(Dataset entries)
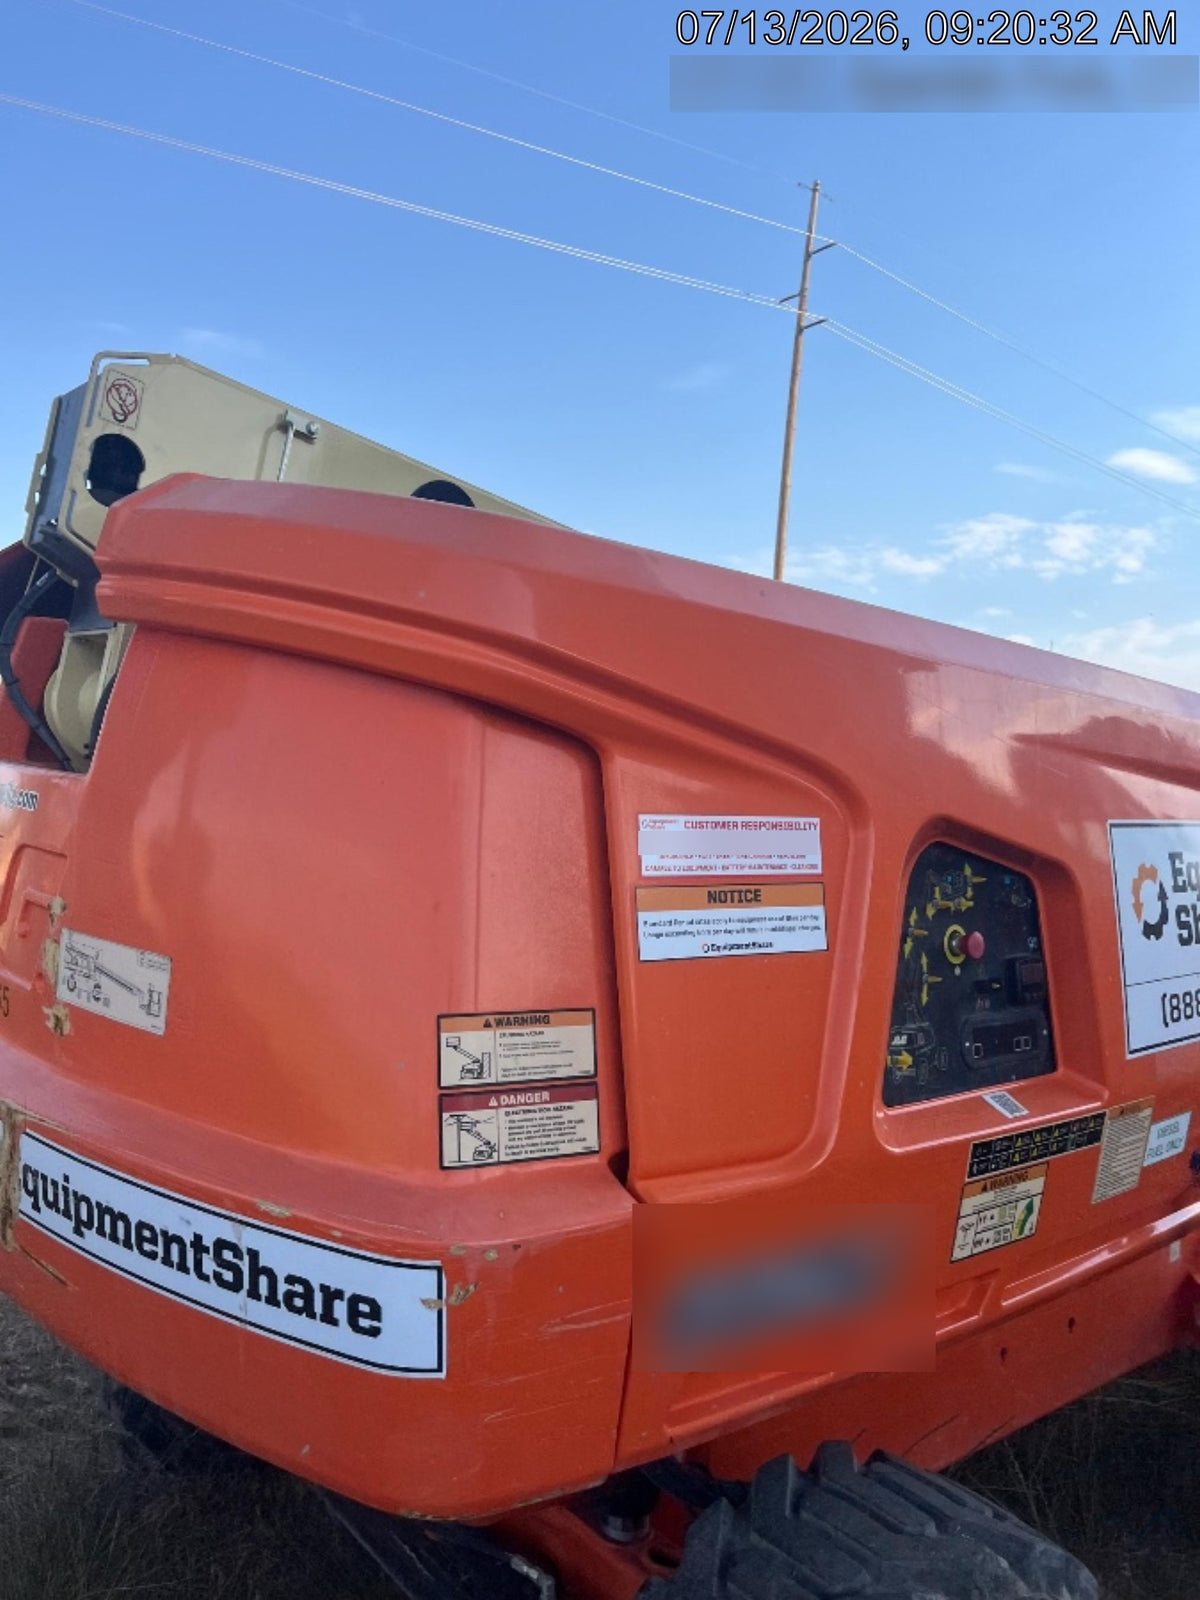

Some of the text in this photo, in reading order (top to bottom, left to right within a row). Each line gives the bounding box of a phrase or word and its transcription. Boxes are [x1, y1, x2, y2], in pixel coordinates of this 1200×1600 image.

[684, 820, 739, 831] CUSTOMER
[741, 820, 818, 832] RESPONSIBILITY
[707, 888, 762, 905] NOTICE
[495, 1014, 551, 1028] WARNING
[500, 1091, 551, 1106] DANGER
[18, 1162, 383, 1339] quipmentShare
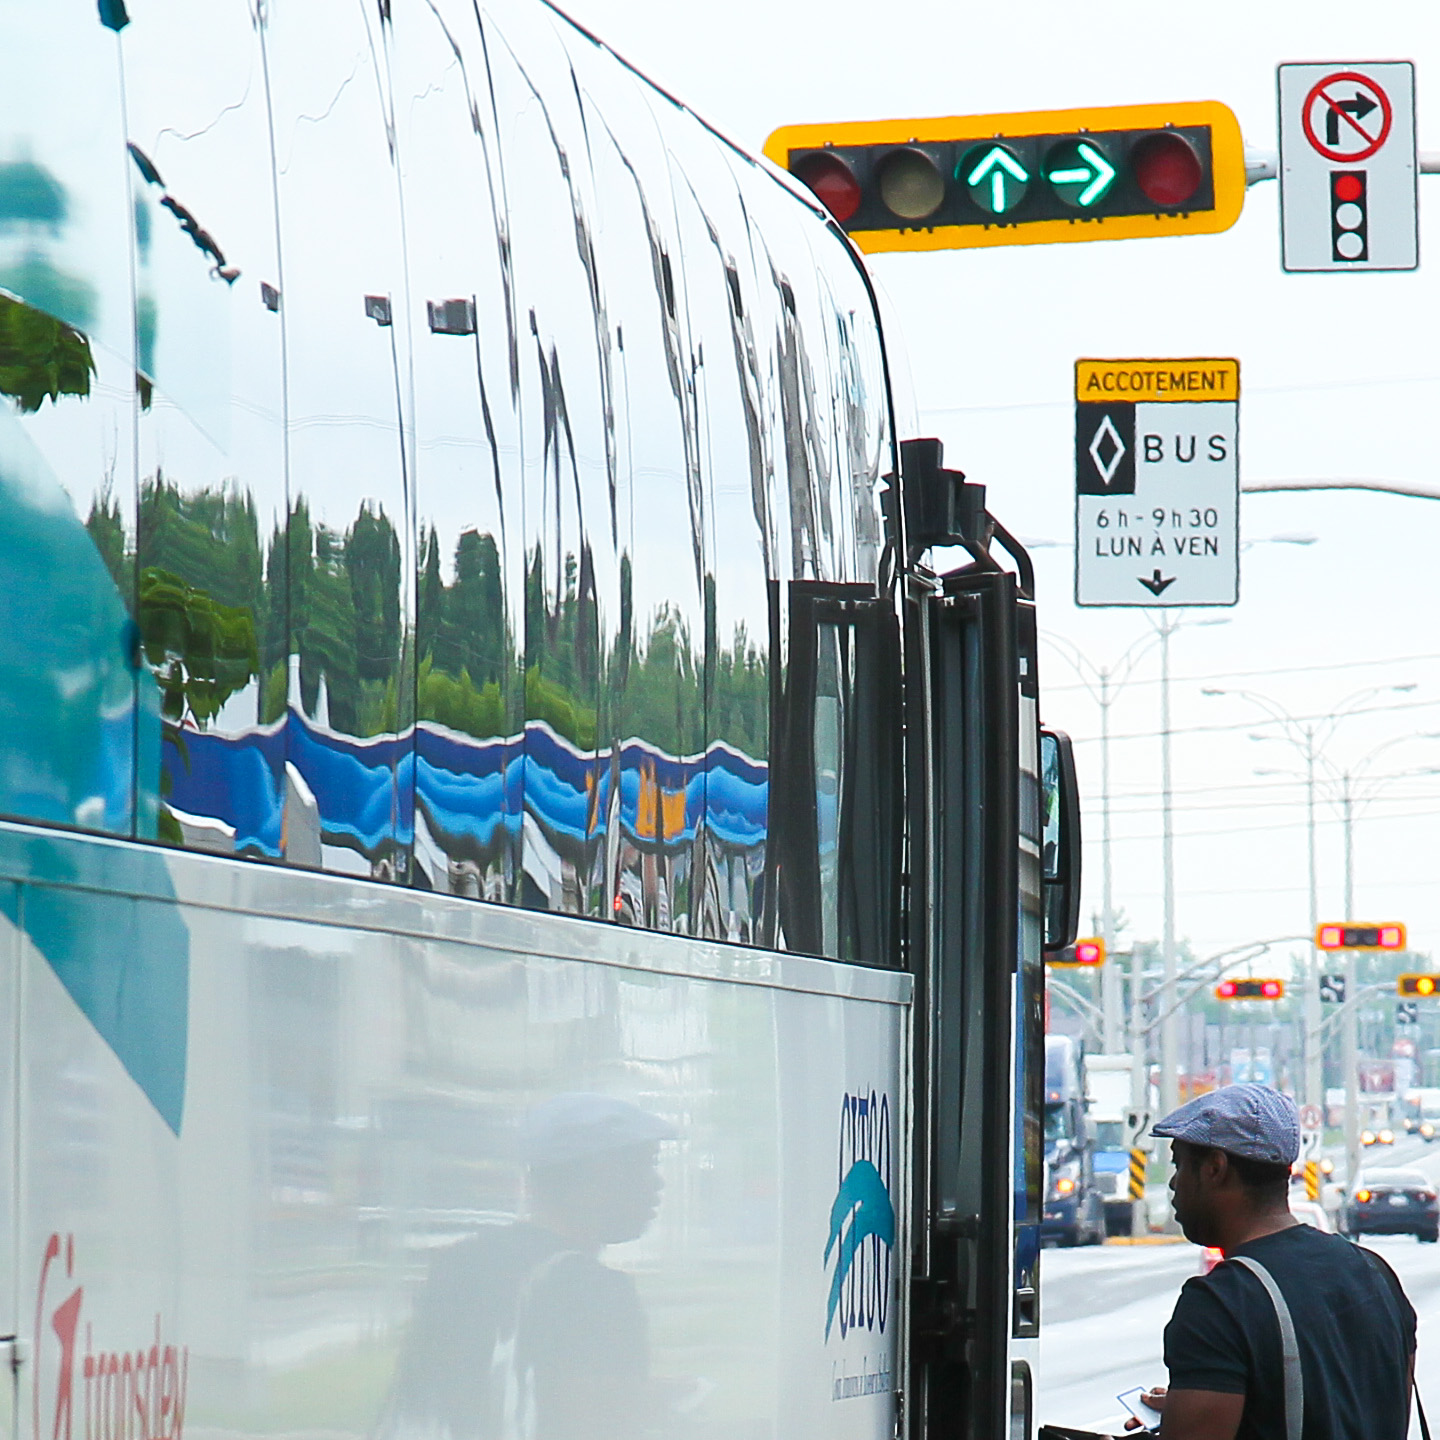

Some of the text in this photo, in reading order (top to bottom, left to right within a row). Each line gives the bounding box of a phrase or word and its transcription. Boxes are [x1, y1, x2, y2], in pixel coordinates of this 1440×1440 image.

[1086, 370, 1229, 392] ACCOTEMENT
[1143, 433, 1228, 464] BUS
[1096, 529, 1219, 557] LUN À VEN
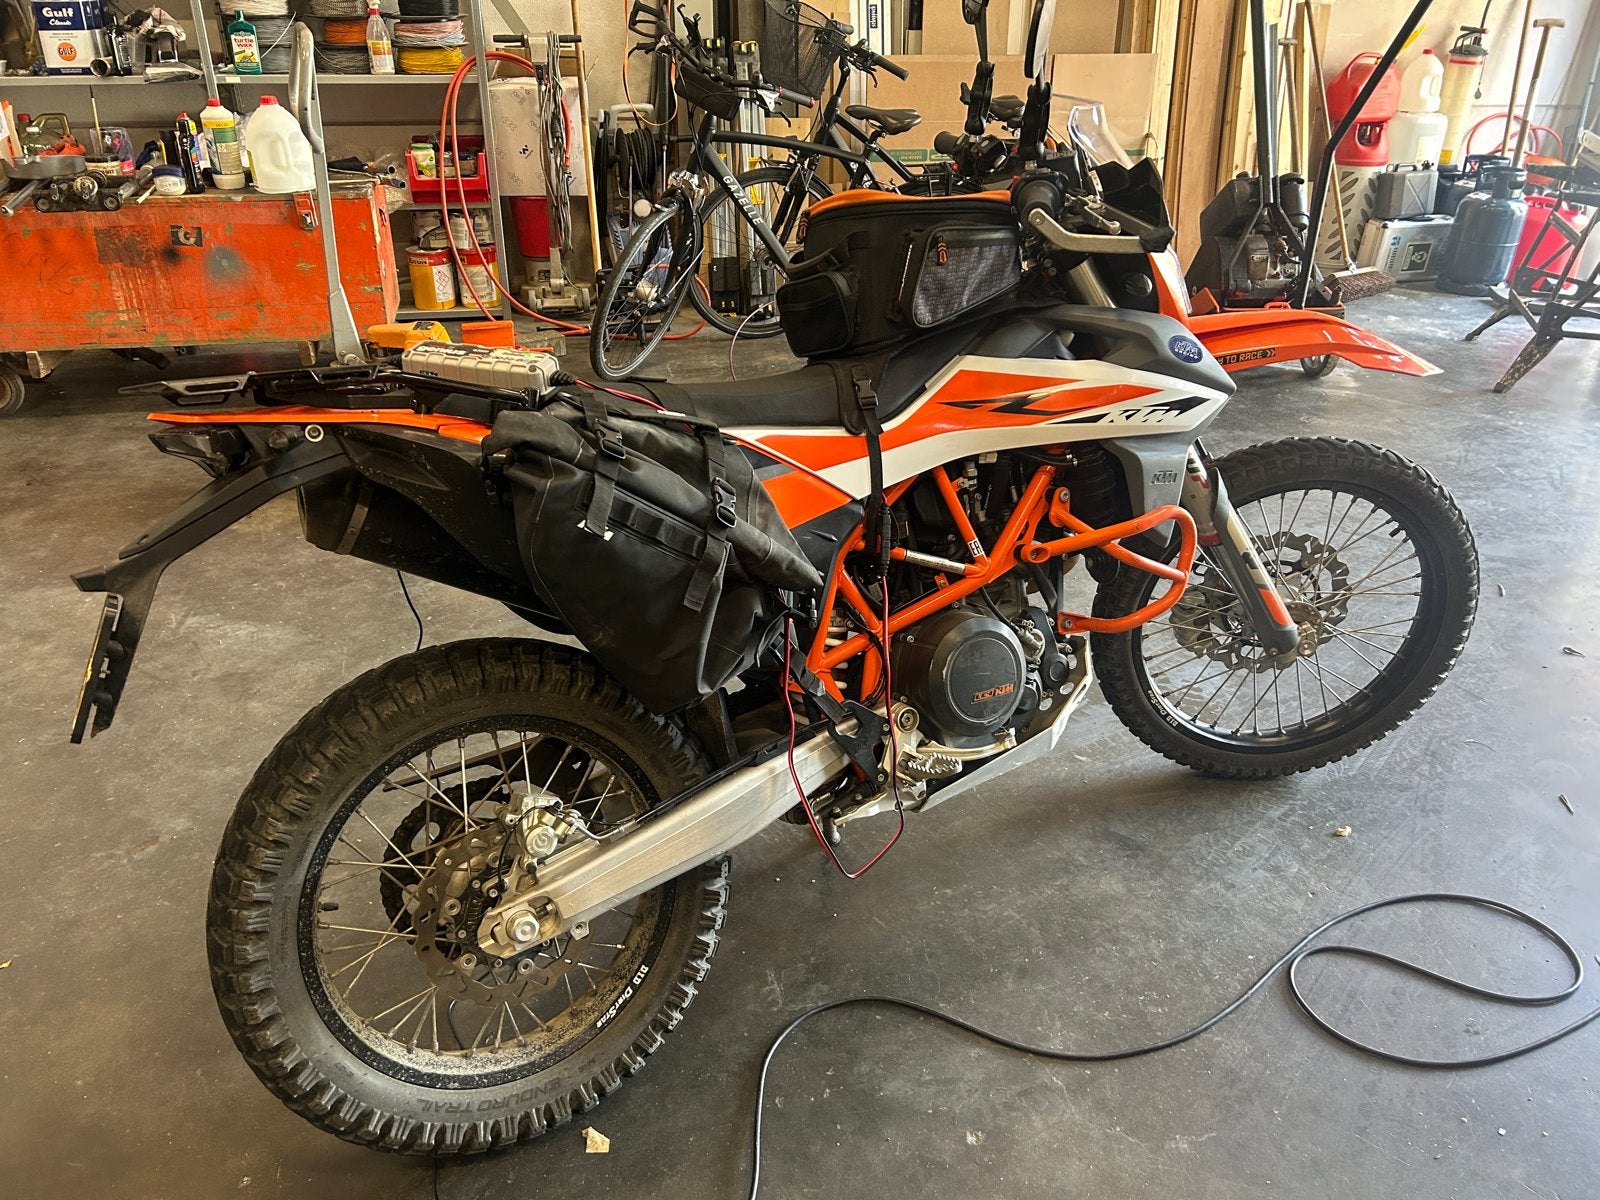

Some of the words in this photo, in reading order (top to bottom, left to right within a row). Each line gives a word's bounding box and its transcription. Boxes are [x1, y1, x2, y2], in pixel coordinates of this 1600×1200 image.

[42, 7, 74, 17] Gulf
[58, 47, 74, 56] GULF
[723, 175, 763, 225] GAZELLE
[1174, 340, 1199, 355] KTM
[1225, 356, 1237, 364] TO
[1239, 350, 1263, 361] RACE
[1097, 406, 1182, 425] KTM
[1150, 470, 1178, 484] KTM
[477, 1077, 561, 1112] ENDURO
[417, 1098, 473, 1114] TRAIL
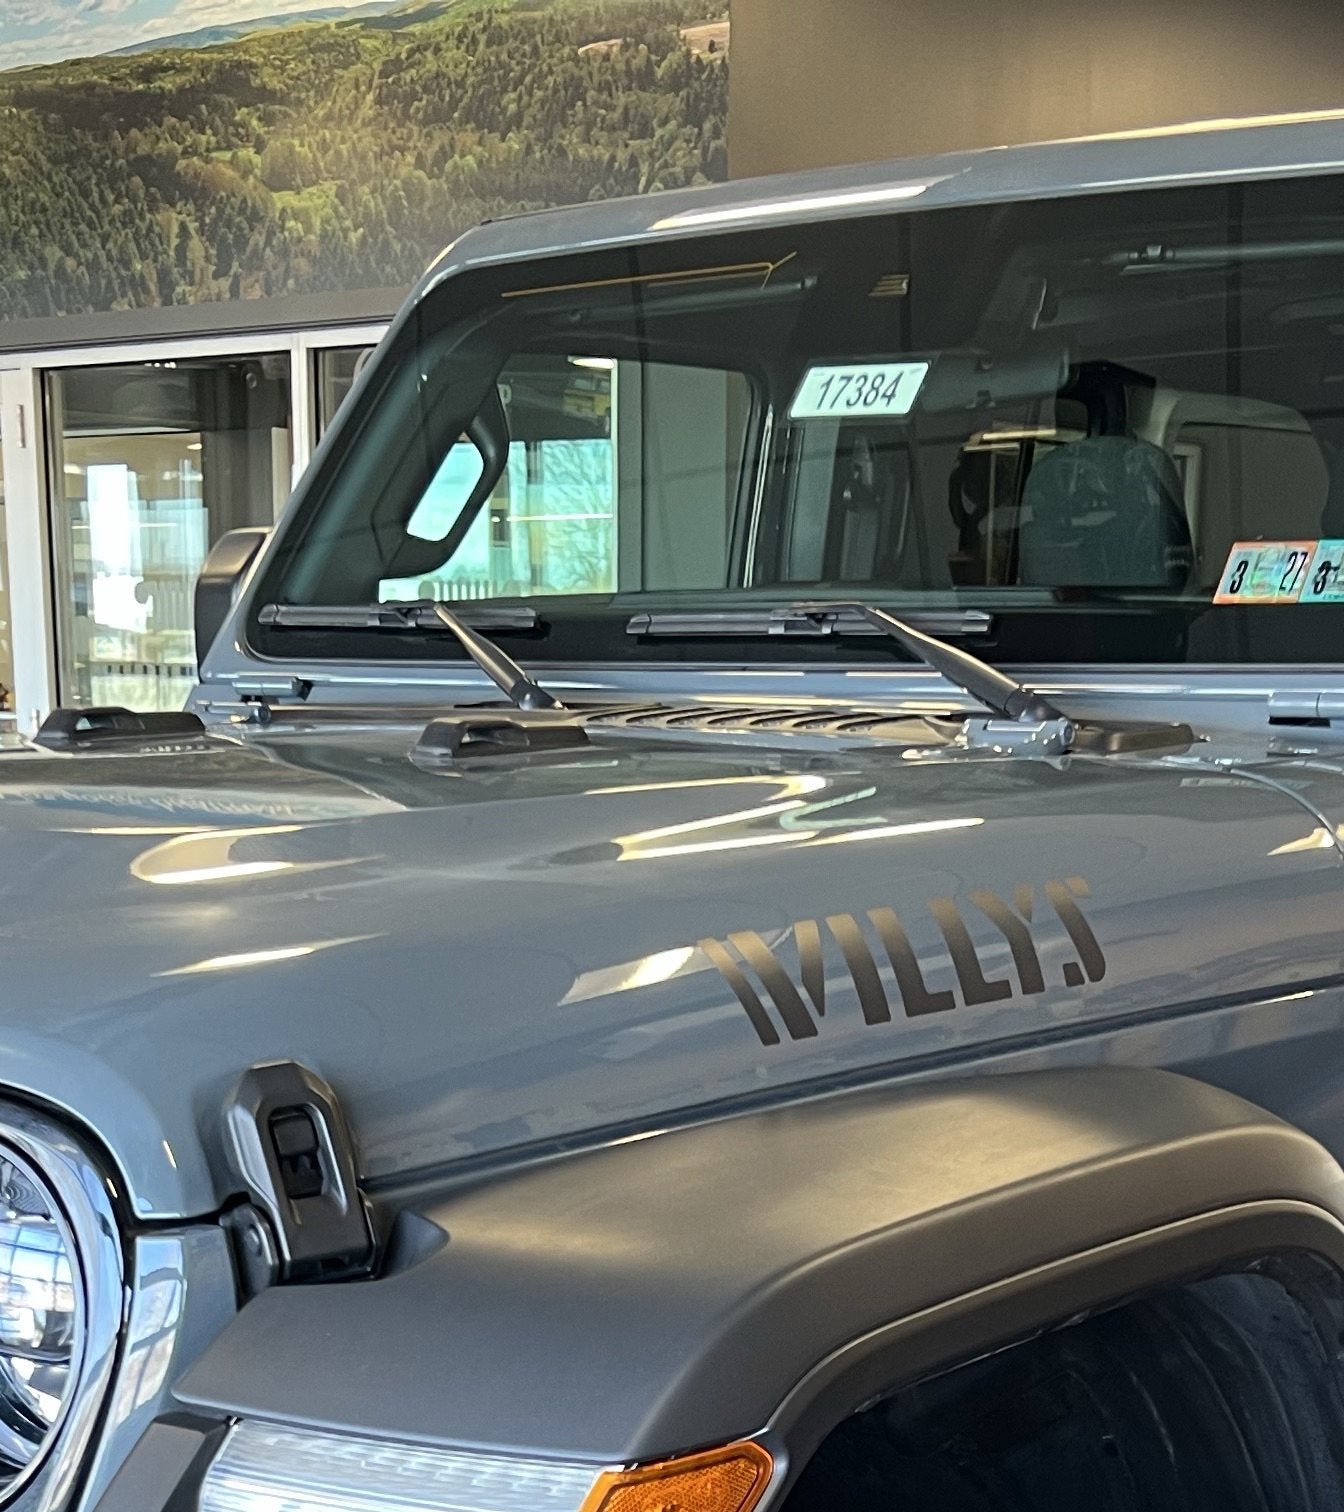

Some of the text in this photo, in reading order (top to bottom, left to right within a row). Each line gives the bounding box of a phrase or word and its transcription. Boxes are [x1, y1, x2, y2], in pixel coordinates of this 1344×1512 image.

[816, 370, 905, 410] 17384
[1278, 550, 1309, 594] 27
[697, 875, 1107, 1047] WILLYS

TASK REQUIREMENTS:
Could you quote, exactly as they appear, the line containing "this 1344×1512 image." and every line after it to the end of the records above?

SOLUTION BELOW:
Some of the text in this photo, in reading order (top to bottom, left to right within a row). Each line gives the bounding box of a phrase or word and its transcription. Boxes are [x1, y1, x2, y2], in pixel coordinates of this 1344×1512 image.

[816, 370, 905, 410] 17384
[1278, 550, 1309, 594] 27
[697, 875, 1107, 1047] WILLYS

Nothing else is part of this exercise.